WORK REQUIRED
Please copy out every line of the data word for word.

Recorded data
-=-=-

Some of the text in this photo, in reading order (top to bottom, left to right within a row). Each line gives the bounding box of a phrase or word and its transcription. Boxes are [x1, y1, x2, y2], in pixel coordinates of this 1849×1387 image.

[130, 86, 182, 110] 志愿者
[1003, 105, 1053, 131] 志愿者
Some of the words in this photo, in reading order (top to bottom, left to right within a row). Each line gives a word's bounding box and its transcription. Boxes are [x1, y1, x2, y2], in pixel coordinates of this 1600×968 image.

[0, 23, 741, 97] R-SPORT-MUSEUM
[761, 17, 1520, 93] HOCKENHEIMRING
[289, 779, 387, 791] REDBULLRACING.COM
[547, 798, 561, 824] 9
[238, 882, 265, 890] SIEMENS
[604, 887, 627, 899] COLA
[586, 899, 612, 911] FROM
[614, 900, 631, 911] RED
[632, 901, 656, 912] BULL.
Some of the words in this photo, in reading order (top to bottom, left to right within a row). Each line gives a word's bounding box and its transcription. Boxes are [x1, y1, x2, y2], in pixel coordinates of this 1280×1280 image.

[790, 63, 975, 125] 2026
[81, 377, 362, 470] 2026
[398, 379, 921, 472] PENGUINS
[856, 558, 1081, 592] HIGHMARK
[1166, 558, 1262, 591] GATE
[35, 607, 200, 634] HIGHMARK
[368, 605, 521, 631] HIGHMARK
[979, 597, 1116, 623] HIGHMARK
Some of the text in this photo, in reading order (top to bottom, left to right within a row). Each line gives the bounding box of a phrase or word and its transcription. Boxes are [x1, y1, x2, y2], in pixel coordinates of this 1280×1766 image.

-=-=-

ANSWER BELOW
Some of the text in this photo, in reading order (top to bottom, left to right within a row). Each line gives the bounding box of a phrase or word and its transcription. Boxes are [x1, y1, x2, y2], in pixel coordinates of this 1849×1387 image.

[130, 86, 182, 110] 志愿者
[1003, 105, 1053, 131] 志愿者
Some of the words in this photo, in reading order (top to bottom, left to right within a row). Each line gives a word's bounding box and its transcription. Boxes are [x1, y1, x2, y2], in pixel coordinates of this 1600×968 image.

[0, 23, 741, 97] R-SPORT-MUSEUM
[761, 17, 1520, 93] HOCKENHEIMRING
[289, 779, 387, 791] REDBULLRACING.COM
[547, 798, 561, 824] 9
[238, 882, 265, 890] SIEMENS
[604, 887, 627, 899] COLA
[586, 899, 612, 911] FROM
[614, 900, 631, 911] RED
[632, 901, 656, 912] BULL.
Some of the words in this photo, in reading order (top to bottom, left to right within a row). Each line gives a word's bounding box and its transcription. Boxes are [x1, y1, x2, y2], in pixel coordinates of this 1280×1280 image.

[790, 63, 975, 125] 2026
[81, 377, 362, 470] 2026
[398, 379, 921, 472] PENGUINS
[856, 558, 1081, 592] HIGHMARK
[1166, 558, 1262, 591] GATE
[35, 607, 200, 634] HIGHMARK
[368, 605, 521, 631] HIGHMARK
[979, 597, 1116, 623] HIGHMARK
Some of the text in this photo, in reading order (top to bottom, left to right within a row). Each line gives the bounding box of a phrase or word and its transcription. Boxes are [x1, y1, x2, y2], in pixel coordinates of this 1280×1766 image.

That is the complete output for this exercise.